RECORDS TO USE »
···

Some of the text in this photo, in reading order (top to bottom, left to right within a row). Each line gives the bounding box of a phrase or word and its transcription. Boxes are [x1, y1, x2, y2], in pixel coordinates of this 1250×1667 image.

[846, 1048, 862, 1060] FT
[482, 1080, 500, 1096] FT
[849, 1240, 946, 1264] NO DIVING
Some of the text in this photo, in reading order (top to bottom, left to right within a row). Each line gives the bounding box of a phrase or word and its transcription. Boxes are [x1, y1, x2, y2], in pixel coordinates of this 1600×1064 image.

···

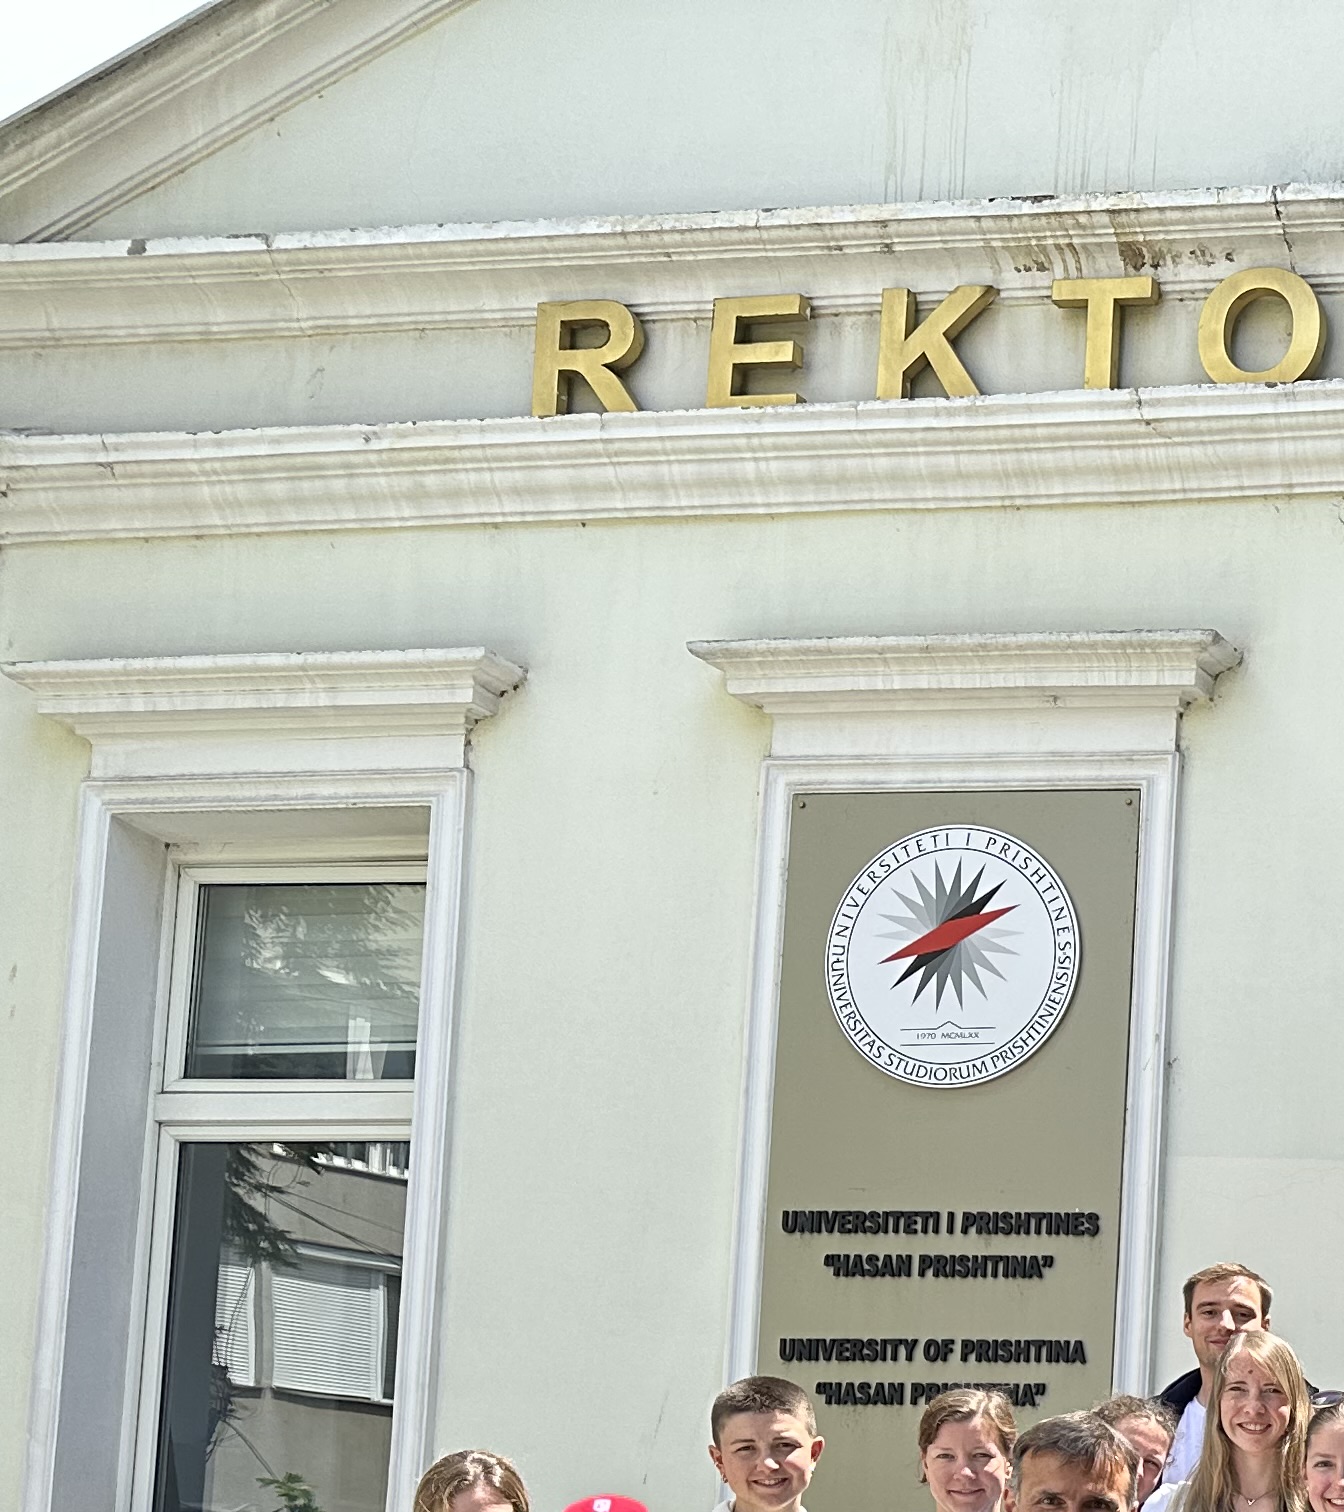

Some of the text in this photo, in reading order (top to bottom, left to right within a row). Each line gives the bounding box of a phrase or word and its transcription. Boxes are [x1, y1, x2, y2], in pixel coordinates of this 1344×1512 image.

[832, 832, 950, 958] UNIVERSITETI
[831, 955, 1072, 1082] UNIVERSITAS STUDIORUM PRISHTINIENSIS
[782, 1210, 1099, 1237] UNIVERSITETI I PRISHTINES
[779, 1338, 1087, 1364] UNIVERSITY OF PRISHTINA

···

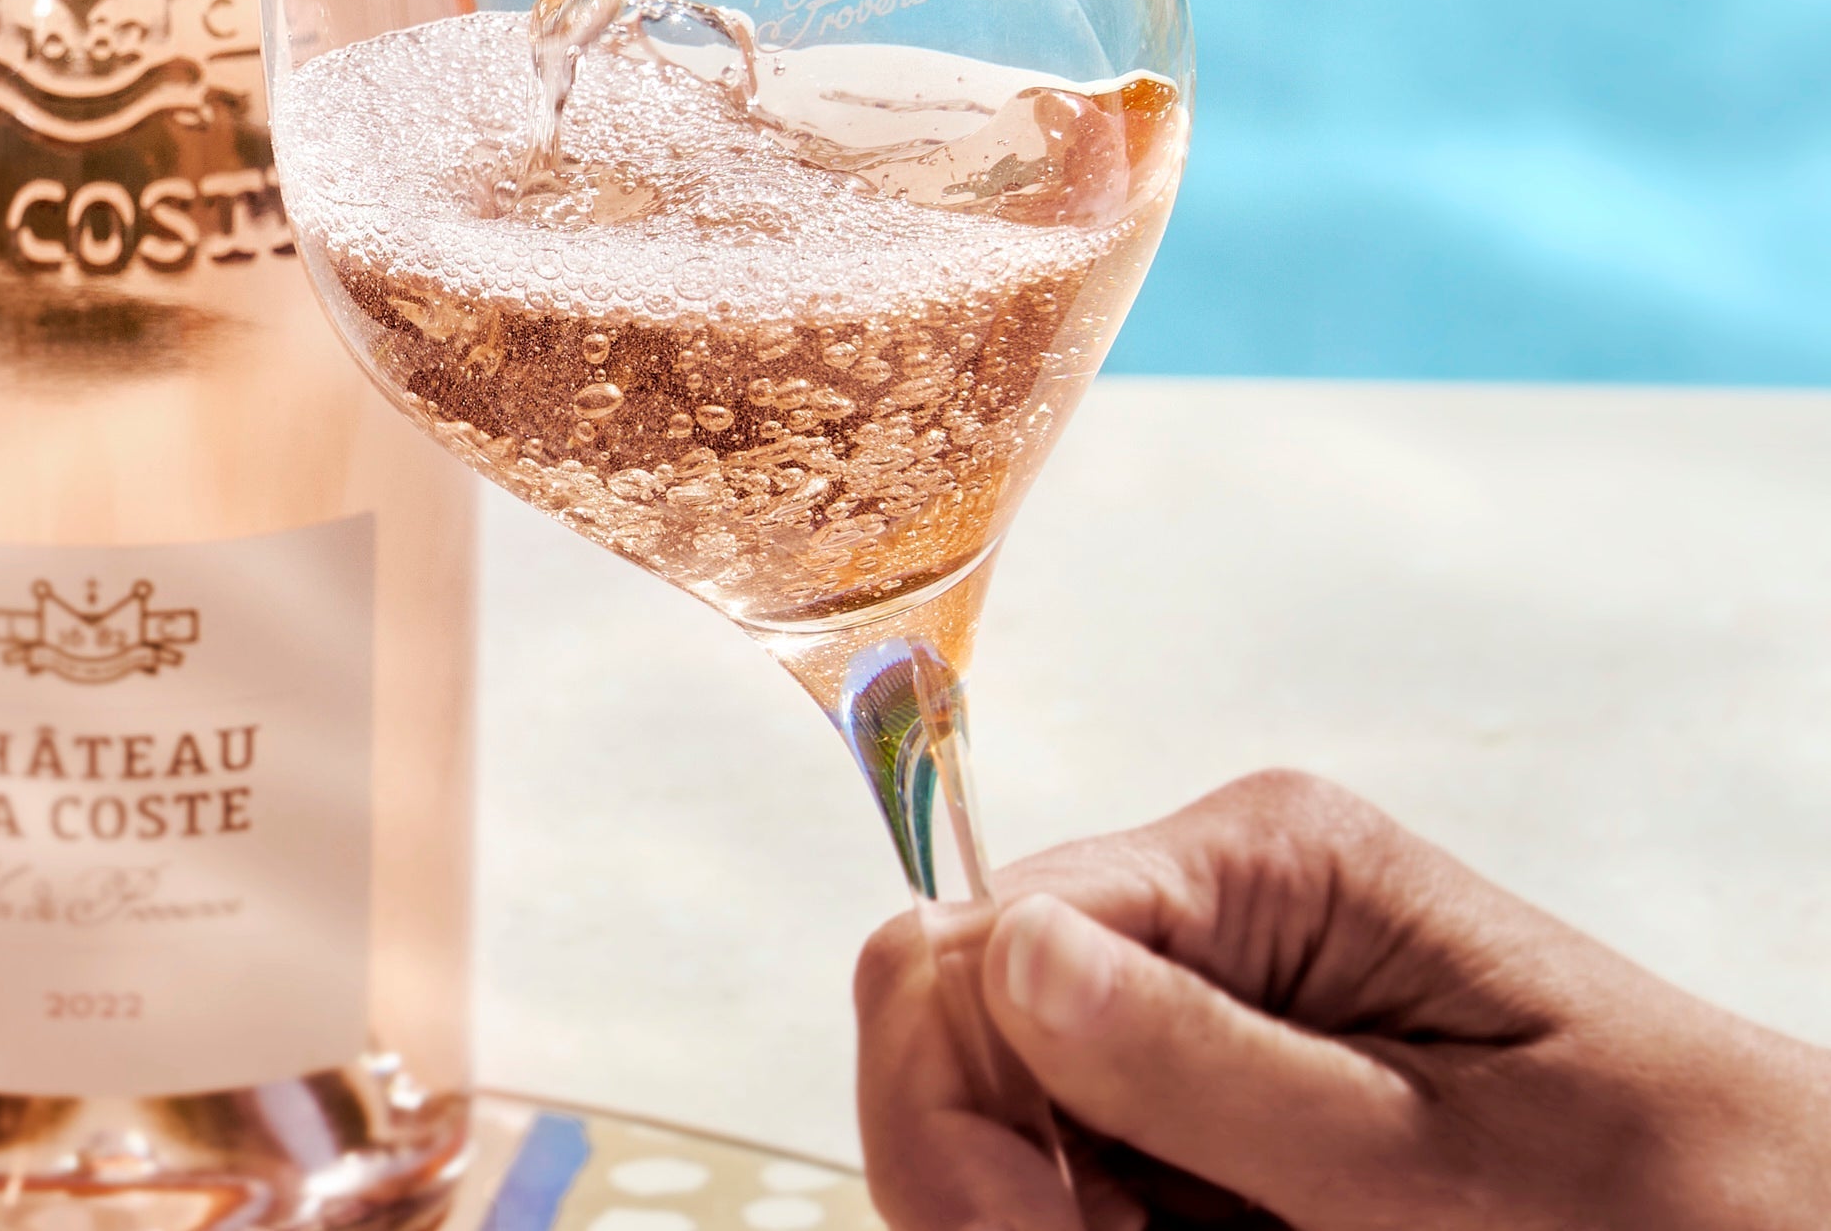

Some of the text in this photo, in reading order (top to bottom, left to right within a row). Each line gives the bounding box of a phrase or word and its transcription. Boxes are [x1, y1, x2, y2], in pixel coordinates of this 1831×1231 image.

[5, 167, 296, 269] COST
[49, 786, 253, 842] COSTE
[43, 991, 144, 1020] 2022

···

PROMPT » In the listing above, find the line with "this 1250×1667 image." and the line with "this 1600×1064 image.", then print exactly those two lines and every line between them, and nothing more.

RESULT OF THE TASK »
Some of the text in this photo, in reading order (top to bottom, left to right within a row). Each line gives the bounding box of a phrase or word and its transcription. Boxes are [x1, y1, x2, y2], in pixel coordinates of this 1250×1667 image.

[846, 1048, 862, 1060] FT
[482, 1080, 500, 1096] FT
[849, 1240, 946, 1264] NO DIVING
Some of the text in this photo, in reading order (top to bottom, left to right within a row). Each line gives the bounding box of a phrase or word and its transcription. Boxes are [x1, y1, x2, y2], in pixel coordinates of this 1600×1064 image.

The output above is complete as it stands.